Biodegradation Of High Concentration Phenol By Pseudomonas Sp. In A Two-phase Partitioning Bioreactor

Phenolic compounds are often encountered in industrial effluents. The discharge of wastewater without proper treatment poses serious environmental problems. Thus, using a two-phase partitioning bioreactor to degrade phenol in saline solution by Pseudomonas sp. CN-6 was investigated.A strain that have capable of metabolizing phenol as a sole source of carbon and energy sources was isolated from an sludge collected from textile chemical plant in Taiwan. It was identified as Pseudomonas sp. based on its morphology, physiological, and biochemical characteristics with an automatic biometrical system and the 16S rDNA sequence analysis. To explore the applicability of this strain for bioremediation for controlling environmental phenol pollution. Microcosm study showed that the biodegradation of phenol was optimized at culture medium pH 8.5 and 30°C.Under the conditions, the strain degraded phenol completely within 17h even though the initial phenol level was high to 500 mg·L-1. Dynamic growth kinetics of suspended cells study, The value ofμmax, KS and KI were found to be 0.452 h-1, 28.617 mg·L-1, 782.4 mg·L-1 for strain CN-6 degrading phenol using Haldane's inhibition kinetic models.The novel Two-Phase Partition Bio-reactor (TPPB) was proposed to remove phenol from highly saline solutions, where the organic solvent is biocompatible and the organic–aqueous interface remains quasi-quiescent during the process. Pseudomonas sp. CN-6were selected as the biomass. Kerosene was adopted to be the organic solvent because it was biocompatible and had a suitable partition coefficient for phenol.

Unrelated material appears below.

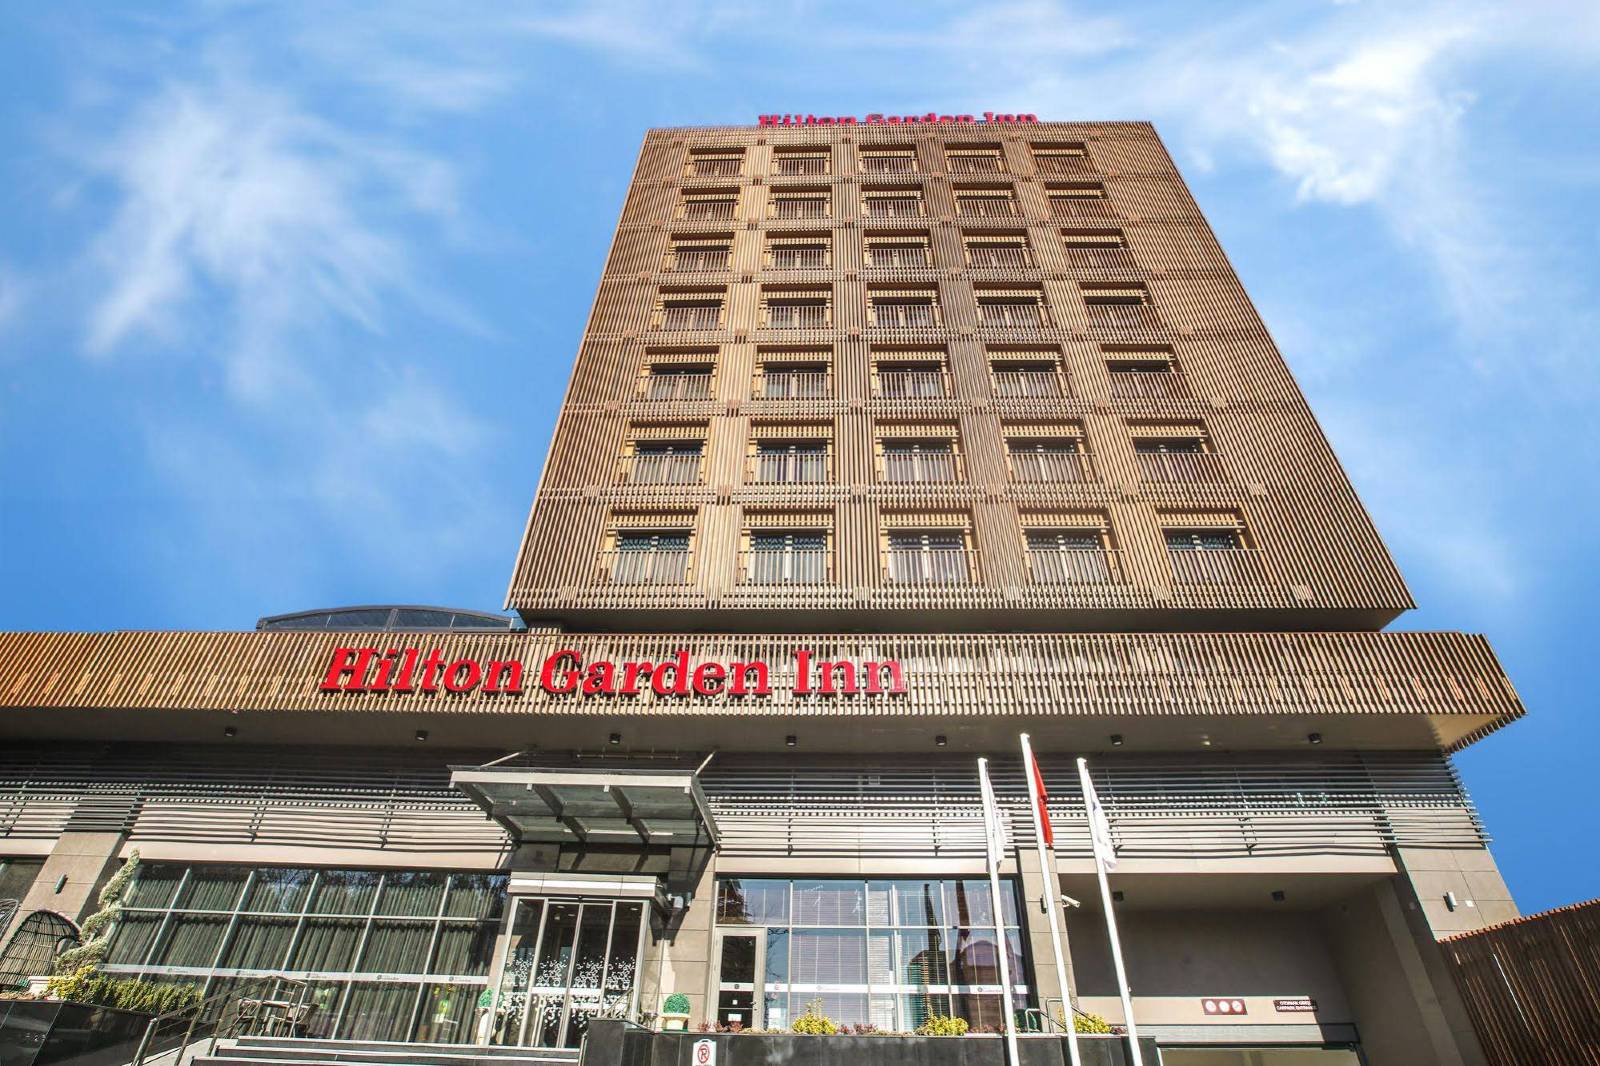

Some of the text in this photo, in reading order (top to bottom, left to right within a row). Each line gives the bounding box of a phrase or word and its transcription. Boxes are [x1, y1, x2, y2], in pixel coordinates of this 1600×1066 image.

[320, 647, 906, 695] Hilton Garden Inn

The effect of the initial phenol level in wastewater (300–2500 mg·L-1), NaCl concentration (50–200 g·L-1) on phenol removal and cell growth was experimentally studied at 30°C. At a cell concentration of 0.023 g·L-1, it was shown that the removal of phenol from saline wastewater was more efficient at a level of 1800 mg·L-1 (an apparent removal rate of about 20 mg·L-1h-1. The overall process appeared to be favored when the salt concentration in saline solution was 100g·L-1 and agitation speed was 50rpm.